Extracted records below:

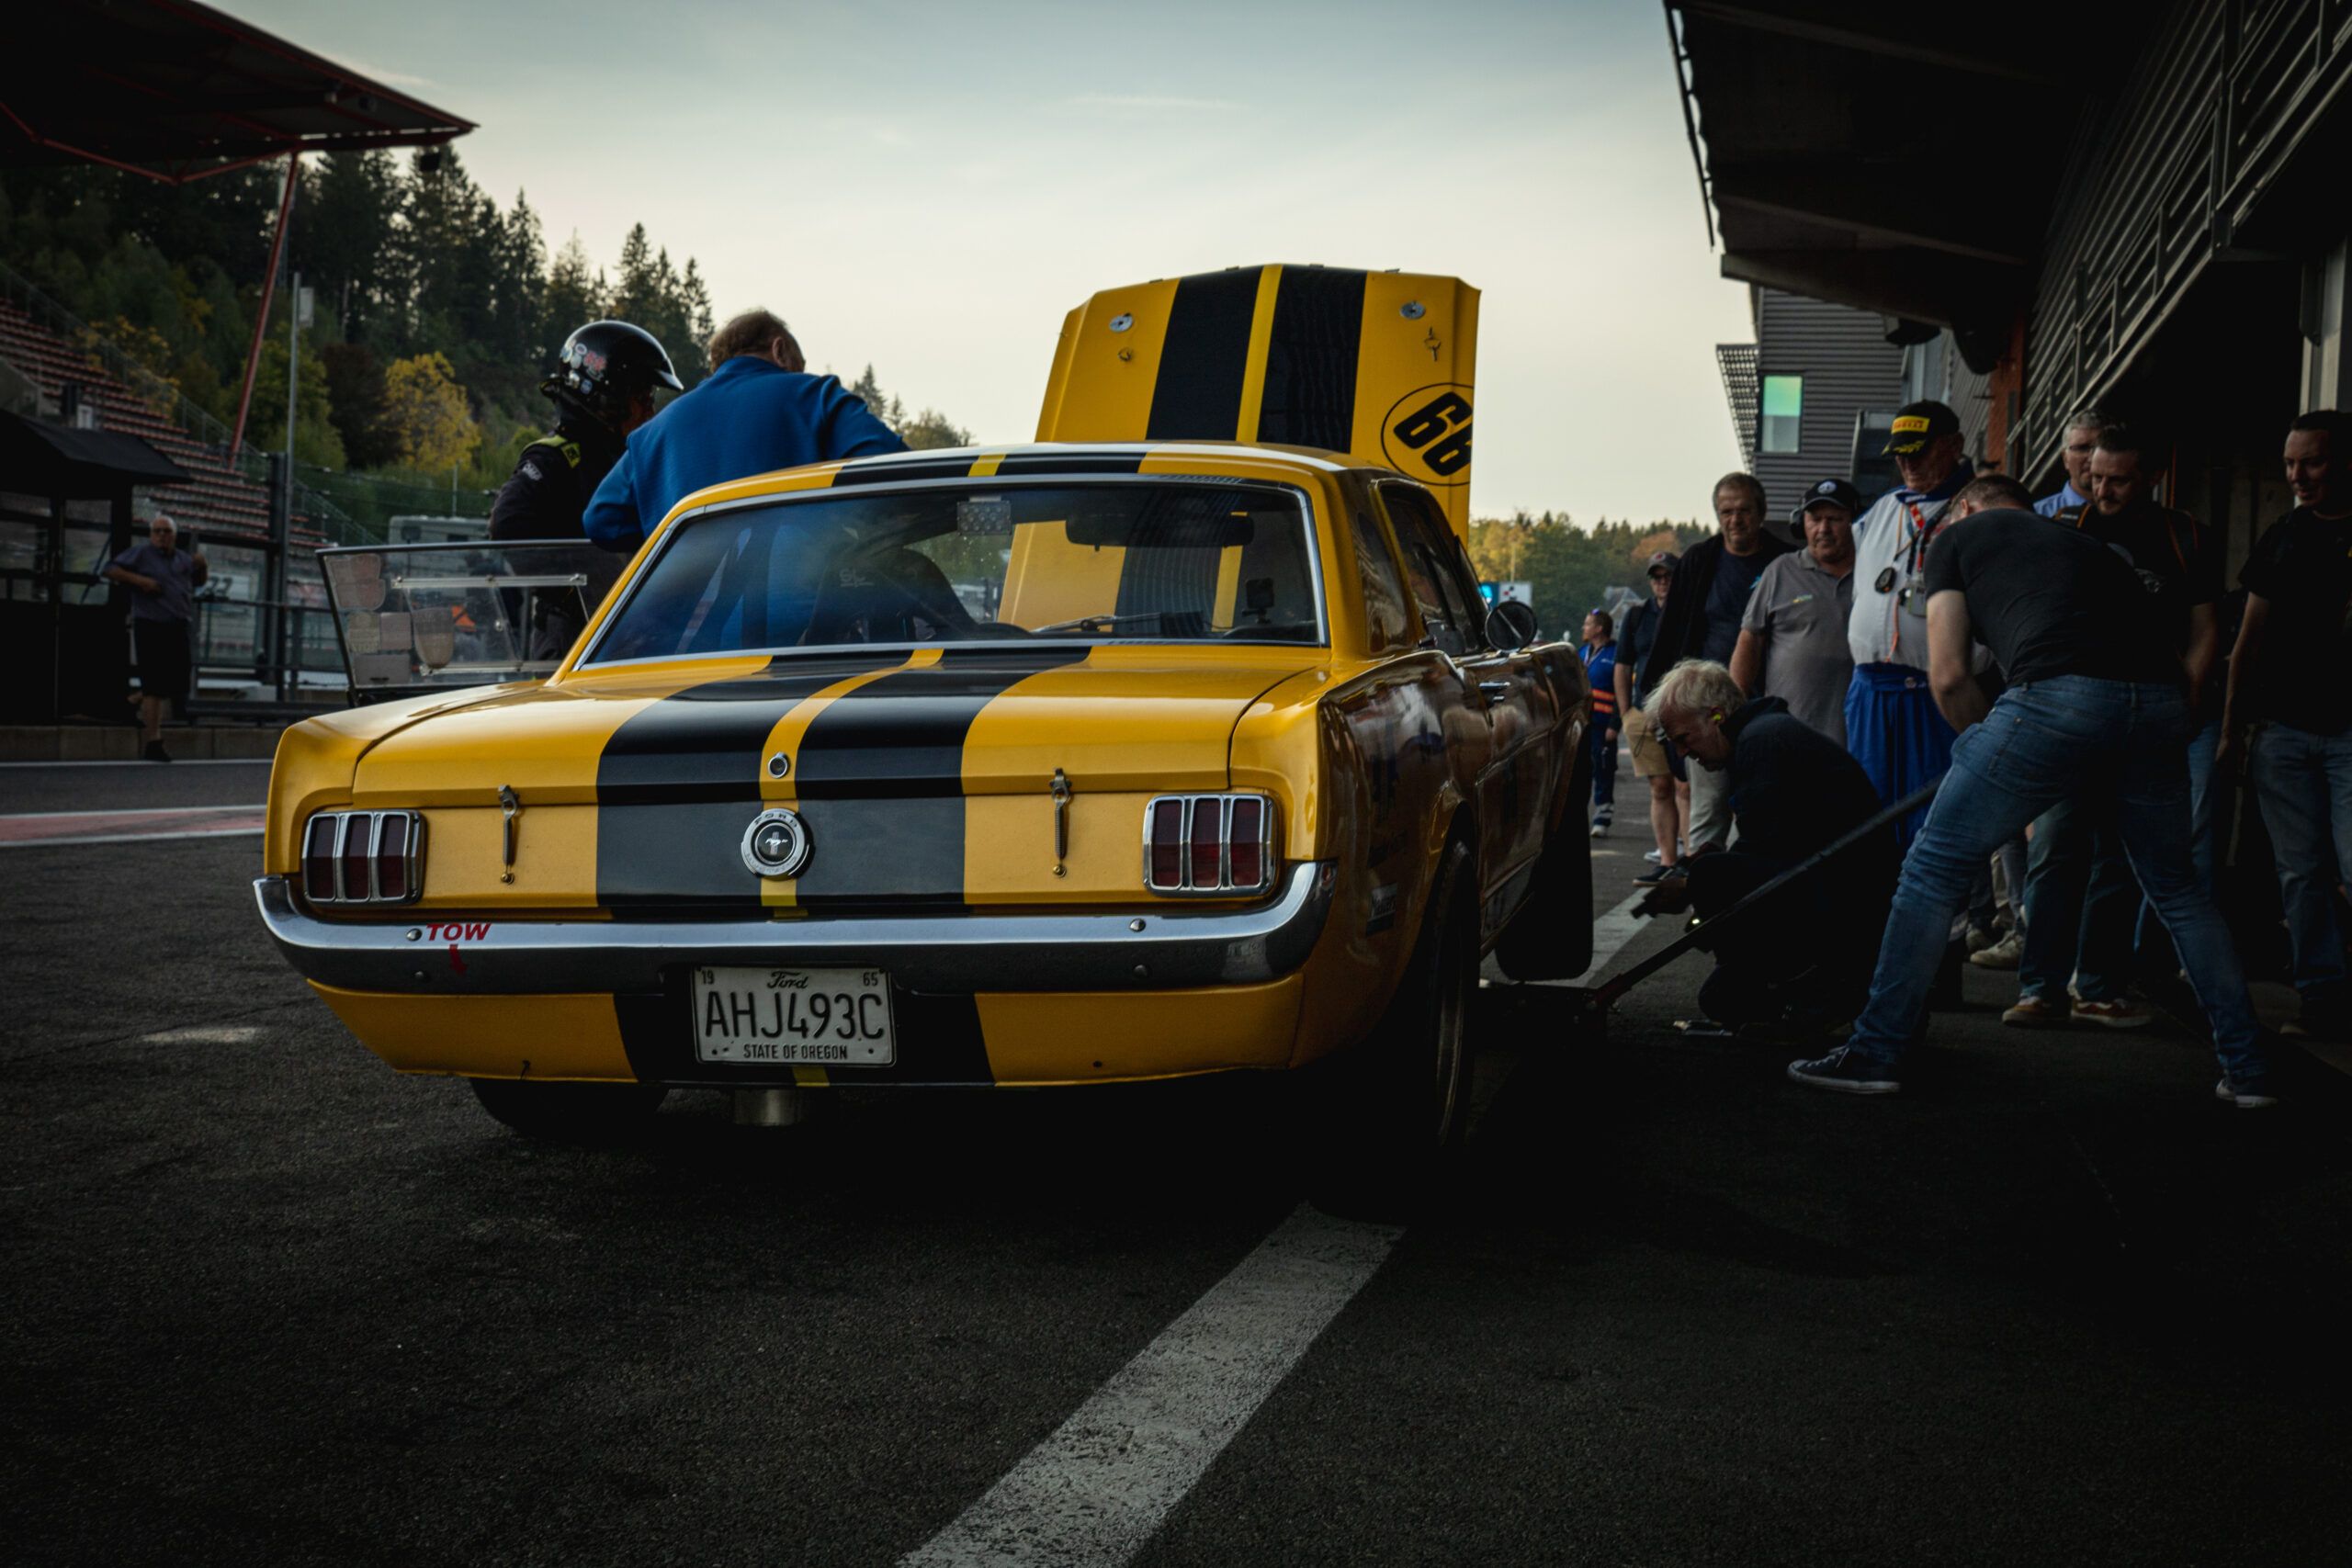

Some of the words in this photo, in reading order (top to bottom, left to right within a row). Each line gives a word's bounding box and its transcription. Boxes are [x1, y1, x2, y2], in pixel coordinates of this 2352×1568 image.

[1393, 391, 1473, 476] 66
[425, 922, 492, 942] TOW
[701, 970, 715, 985] 19
[767, 970, 809, 989] Ford
[863, 972, 878, 987] 65
[705, 990, 885, 1040] AHJ493C
[743, 1043, 778, 1059] STATE
[783, 1044, 797, 1059] OF
[801, 1044, 848, 1060] OREGON
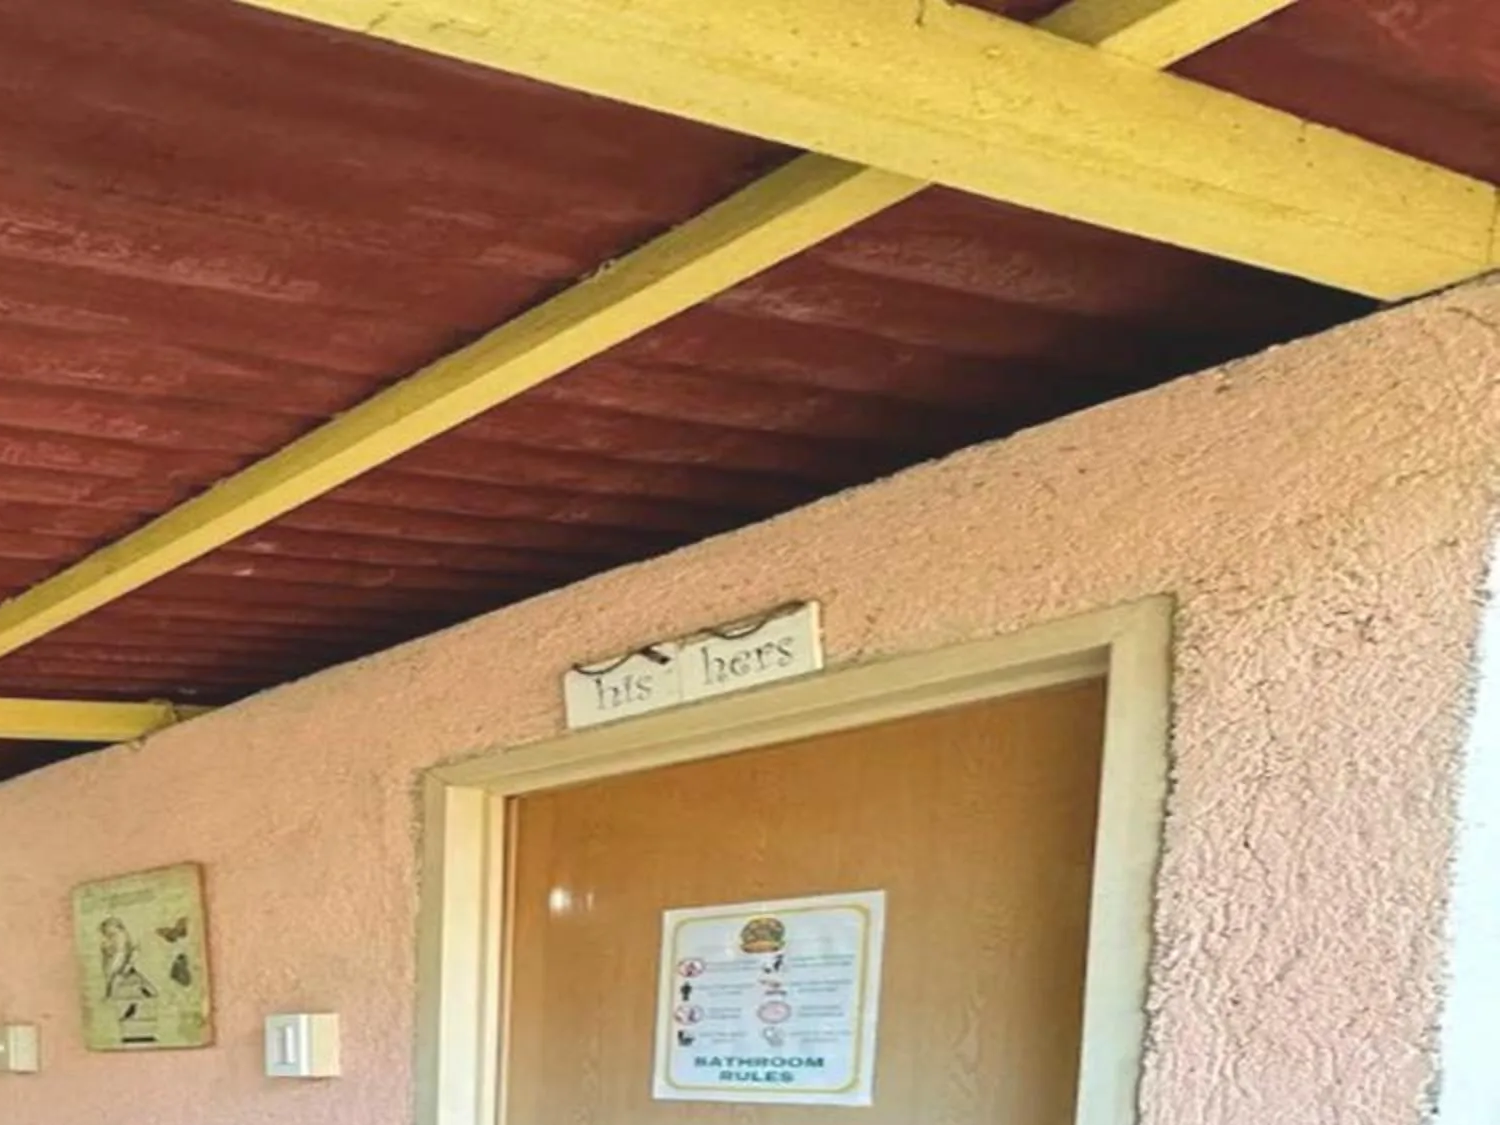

End of Extracted records.

-- Exercise brief --
Exclude the images and reproduce the remaining data exactly.

-- Task output --
Some of the words in this photo, in reading order (top to bottom, left to right within a row). Each line gives a word's bounding box and its transcription. Boxes are [x1, y1, x2, y2], in pixel coordinates of this 2352×1568 image.

[1393, 391, 1473, 476] 66
[425, 922, 492, 942] TOW
[701, 970, 715, 985] 19
[767, 970, 809, 989] Ford
[863, 972, 878, 987] 65
[705, 990, 885, 1040] AHJ493C
[743, 1043, 778, 1059] STATE
[783, 1044, 797, 1059] OF
[801, 1044, 848, 1060] OREGON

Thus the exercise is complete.